Kesiapan pasukan itu terkait kejadian pembajakan kali kedua yang menimpa kapal Indonesia.
"Saya selaku Panglima TNI diperintahkan untuk menyiapkan pasukan, untuk setiap saat kita bisa melakukan tindakan tegas. Saya datang kesini untuk mengecek kesiapan semuanya. Saya tidak bisa jelaskan tempatnya dimana dan bentuk latihannya seperti apa. Latihan ini hanya untuk prajurit agar terbentuk feeling. Sehingga, suatu saat TNI disiapkan untuk berangkat, dan berdasarkan sejarah tidak ada yang gagal, kita harus optimis," kata Gatot.

Gatot menyampaikan hal tersebut usai mengecek kesiapan, menganalisa dan memberikan petunjuk-petunjuk pada pasukan (AD, AL, AU dan Brimob) yang tergabung dalam Pasukan Pemukul Reaksi Cepat (PPRC), di Pangkalan Udara Tarakan, Kalimantan Utara, Senin (18/4/2016).

Dalam kesempatan itu Gatot didampingi oleh KSAD Jenderal TNI Mulyono, KSAU Marsekal TNI Agus Supriatna, Pangkostrad Letjen TNI Edy Rahmayadi, Danjen Kopassus Mayjen TNI M Herindra, Dankormar Mayjen TNI (Mar) Buyung Lalana, Dankorpaskhas Marsda TNI Adrian Watimmena dan para Asisten Panglima TNI.
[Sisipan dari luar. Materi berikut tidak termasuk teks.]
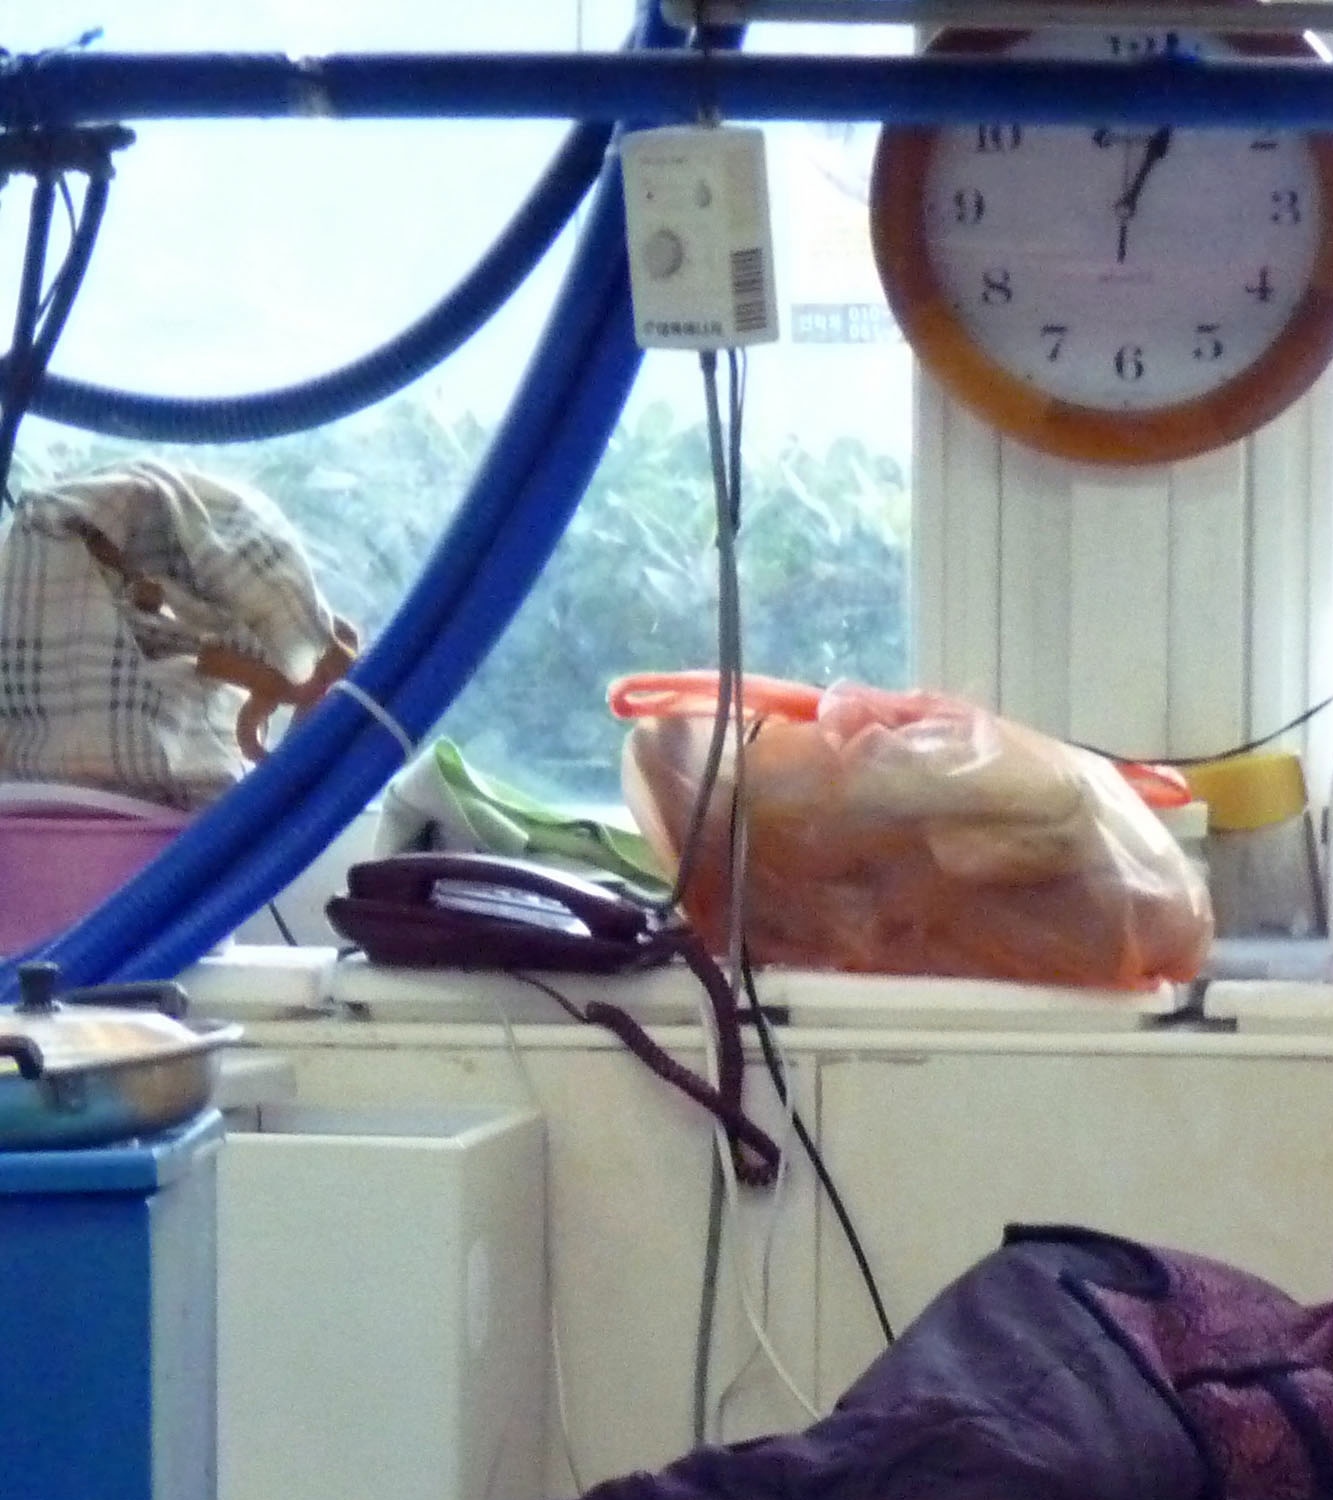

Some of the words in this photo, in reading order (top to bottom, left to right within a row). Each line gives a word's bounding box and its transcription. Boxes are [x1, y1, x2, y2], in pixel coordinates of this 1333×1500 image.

[954, 187, 985, 225] 9
[1271, 189, 1301, 225] 3
[981, 270, 1013, 303] 8
[1245, 266, 1275, 303] 4
[1040, 325, 1068, 362] 7
[1193, 324, 1224, 361] 5
[1114, 346, 1145, 382] 6
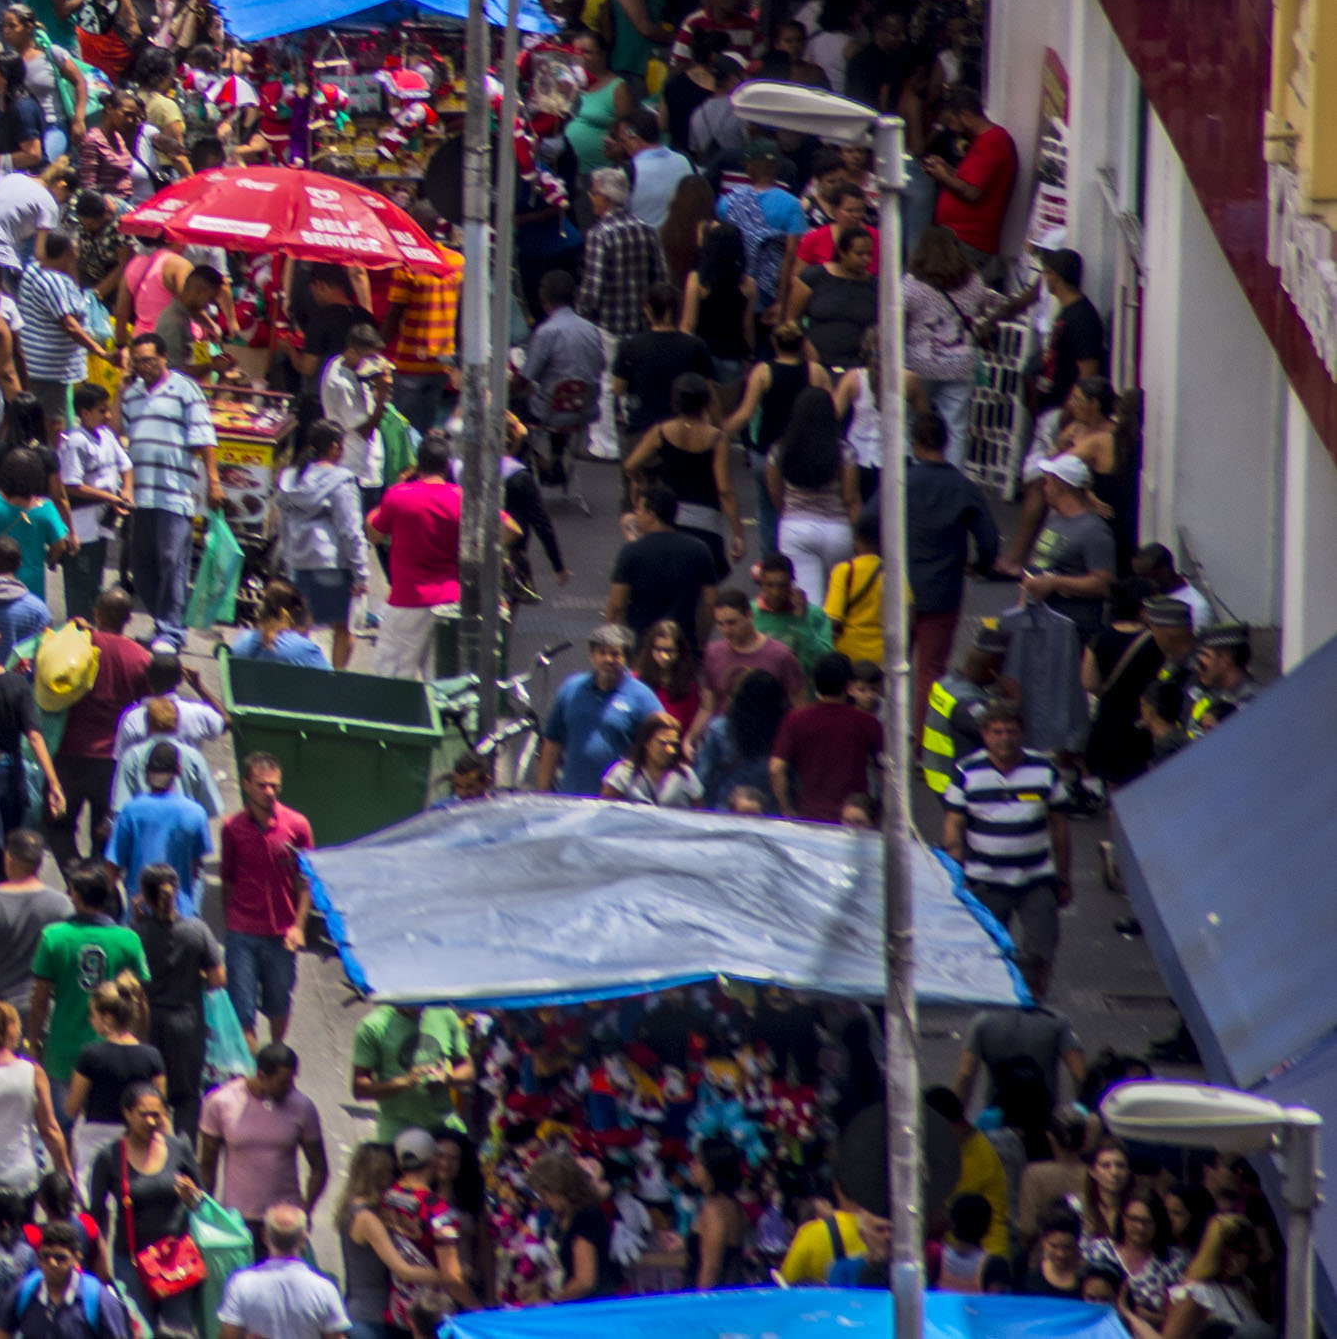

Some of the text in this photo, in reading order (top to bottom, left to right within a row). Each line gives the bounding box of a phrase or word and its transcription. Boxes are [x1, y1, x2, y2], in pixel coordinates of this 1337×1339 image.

[309, 217, 362, 235] SELF
[300, 231, 383, 253] SERVICE
[77, 943, 106, 993] 9
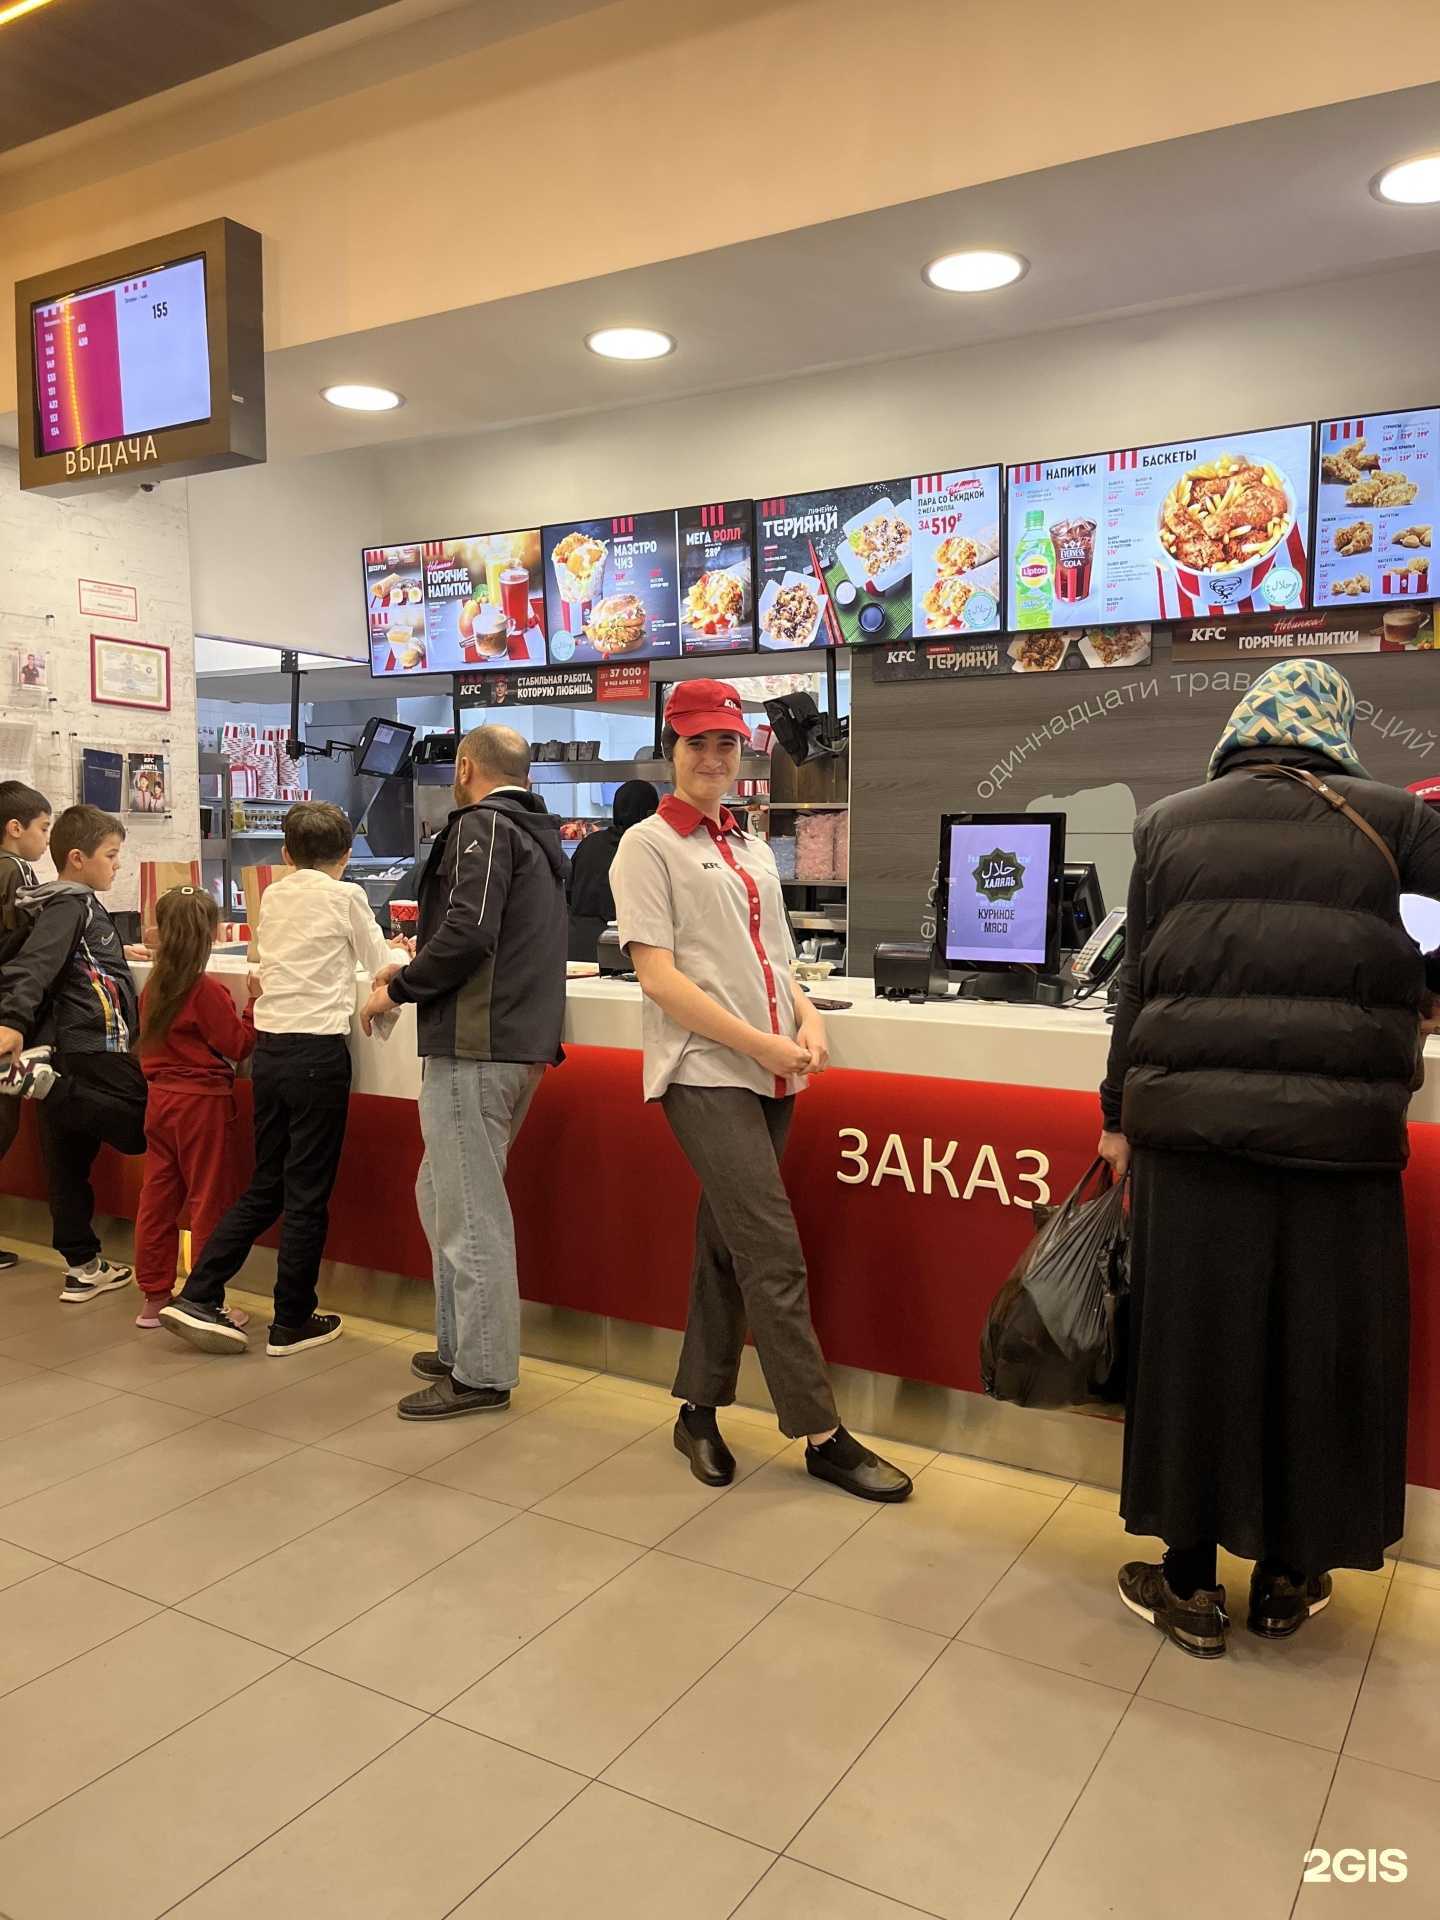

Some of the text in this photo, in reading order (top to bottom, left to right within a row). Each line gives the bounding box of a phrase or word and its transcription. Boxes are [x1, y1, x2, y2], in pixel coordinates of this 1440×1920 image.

Panglima TNI juga mengatakan bahwa jumlah pasukan yang dikerahkan (TNI AD, TNI AL, TNI AU dan Kepolisian) berkisar ratusan, tidak sampai ribuan, sesuai dengan fungsi dan profesionalisme masing-masing, tergantung operasinya.

Terkait perkembangan upaya pembebasan yang dilakukan Angkatan Bersenjata Filipina, Gatot menuturkan sampai sekarang ini mereka (AB Filipina) masih melaksanakan operasi.

"Kalau mereka minta bantuan kami, dengan puji syukur, saya langsung berangkatkan. Pasukan saya sudah nunggu saja, sudah tanya kapan dia berangkat," katanya.